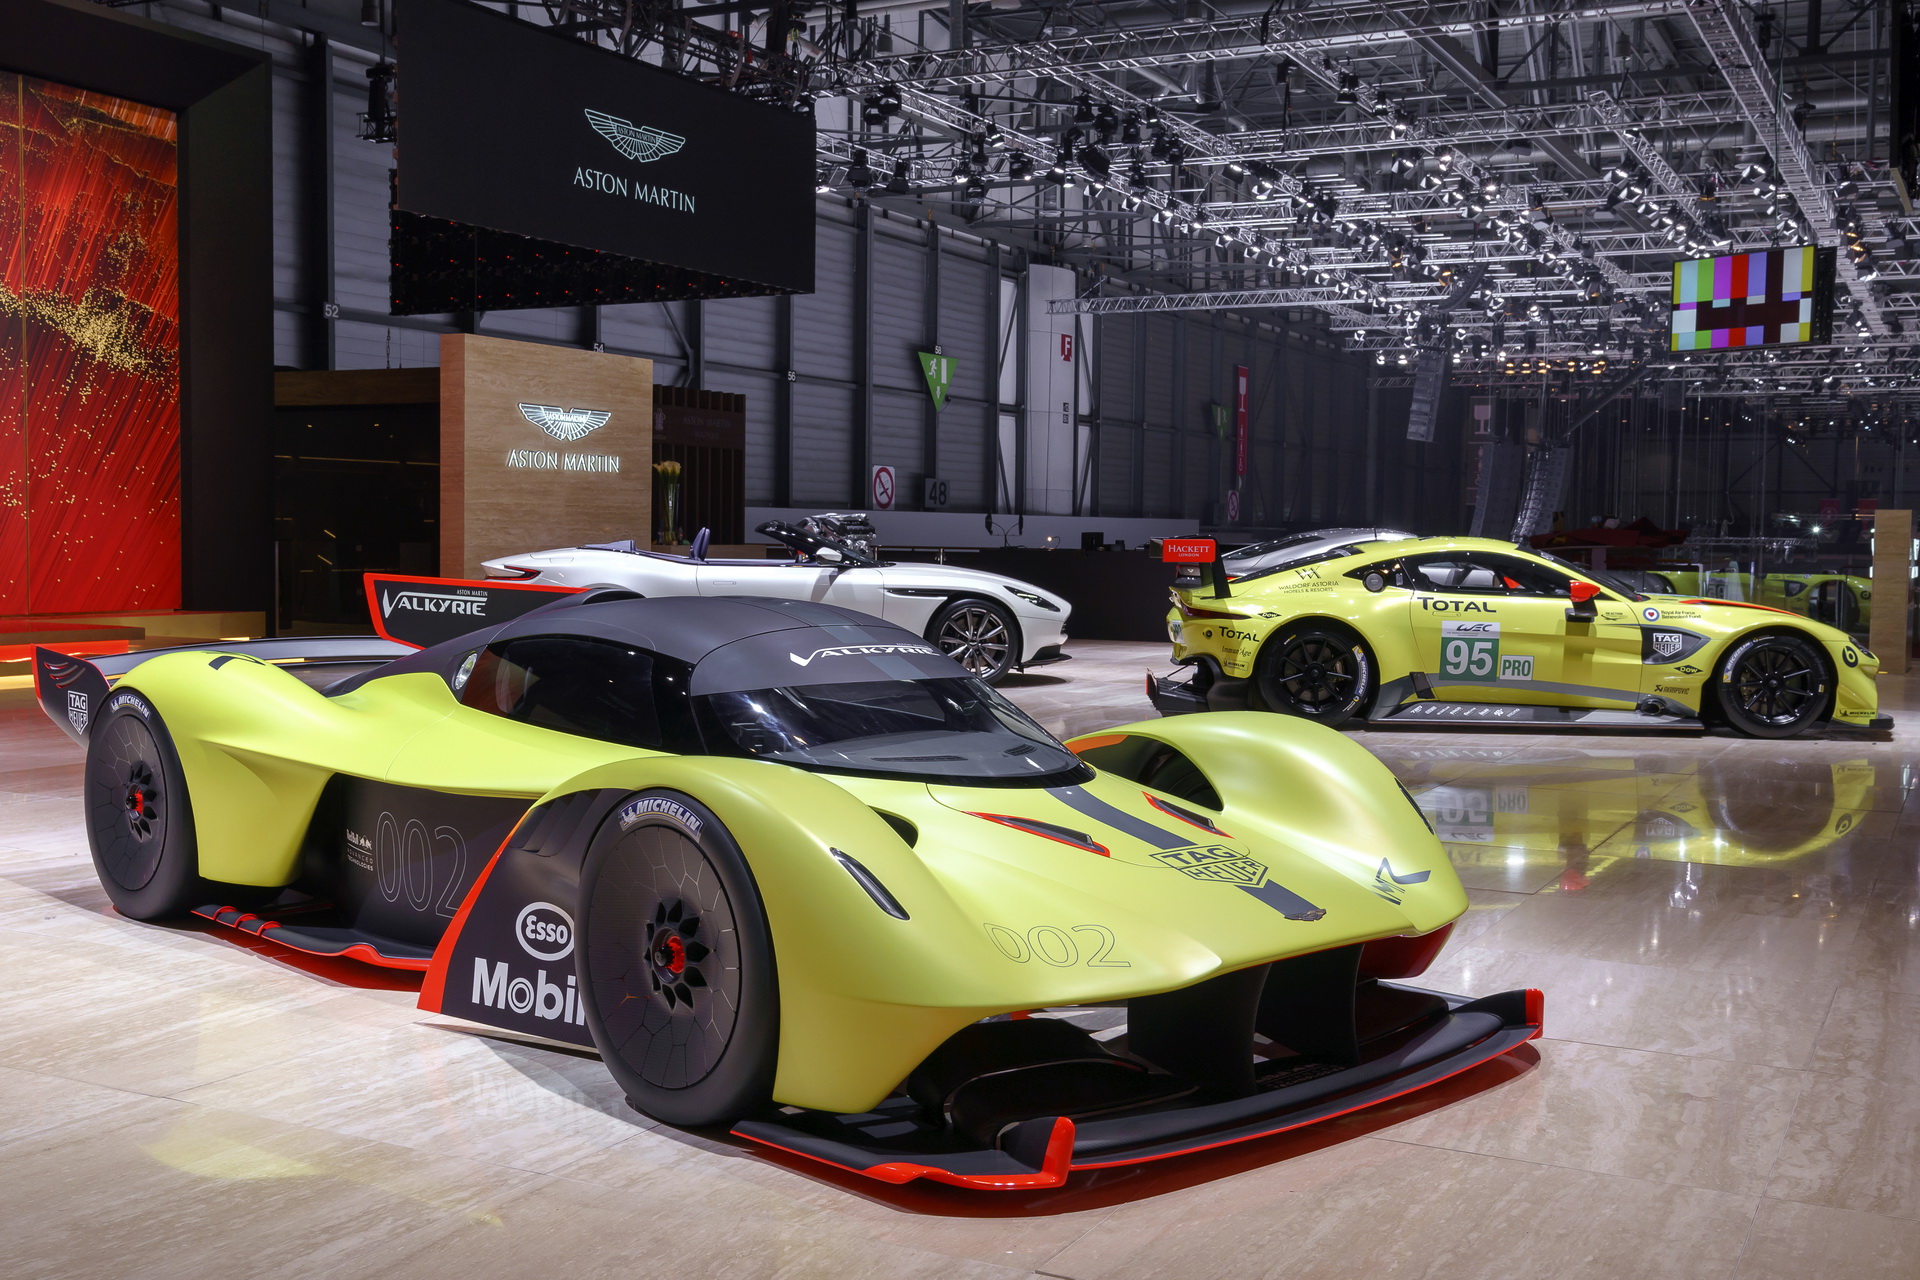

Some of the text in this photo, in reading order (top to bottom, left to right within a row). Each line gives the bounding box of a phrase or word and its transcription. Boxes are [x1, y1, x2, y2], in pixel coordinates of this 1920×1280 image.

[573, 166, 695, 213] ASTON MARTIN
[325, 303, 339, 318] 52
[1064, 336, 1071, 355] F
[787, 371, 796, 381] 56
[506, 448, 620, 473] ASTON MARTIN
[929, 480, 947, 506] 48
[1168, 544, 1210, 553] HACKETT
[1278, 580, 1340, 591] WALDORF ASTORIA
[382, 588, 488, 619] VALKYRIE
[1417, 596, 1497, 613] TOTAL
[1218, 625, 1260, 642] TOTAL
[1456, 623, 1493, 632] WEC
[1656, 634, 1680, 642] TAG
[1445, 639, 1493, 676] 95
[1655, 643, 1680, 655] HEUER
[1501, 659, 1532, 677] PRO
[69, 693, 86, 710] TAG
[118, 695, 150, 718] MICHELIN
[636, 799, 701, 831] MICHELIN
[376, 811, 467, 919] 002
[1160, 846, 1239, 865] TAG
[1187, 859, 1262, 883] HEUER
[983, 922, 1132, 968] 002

#### [WHAT YOU WILL DO]
All of the material above should be output exactly, with the pictures left behind.

#### [ANSWER]
Some of the text in this photo, in reading order (top to bottom, left to right within a row). Each line gives the bounding box of a phrase or word and its transcription. Boxes are [x1, y1, x2, y2], in pixel coordinates of this 1920×1280 image.

[573, 166, 695, 213] ASTON MARTIN
[325, 303, 339, 318] 52
[1064, 336, 1071, 355] F
[787, 371, 796, 381] 56
[506, 448, 620, 473] ASTON MARTIN
[929, 480, 947, 506] 48
[1168, 544, 1210, 553] HACKETT
[1278, 580, 1340, 591] WALDORF ASTORIA
[382, 588, 488, 619] VALKYRIE
[1417, 596, 1497, 613] TOTAL
[1218, 625, 1260, 642] TOTAL
[1456, 623, 1493, 632] WEC
[1656, 634, 1680, 642] TAG
[1445, 639, 1493, 676] 95
[1655, 643, 1680, 655] HEUER
[1501, 659, 1532, 677] PRO
[69, 693, 86, 710] TAG
[118, 695, 150, 718] MICHELIN
[636, 799, 701, 831] MICHELIN
[376, 811, 467, 919] 002
[1160, 846, 1239, 865] TAG
[1187, 859, 1262, 883] HEUER
[983, 922, 1132, 968] 002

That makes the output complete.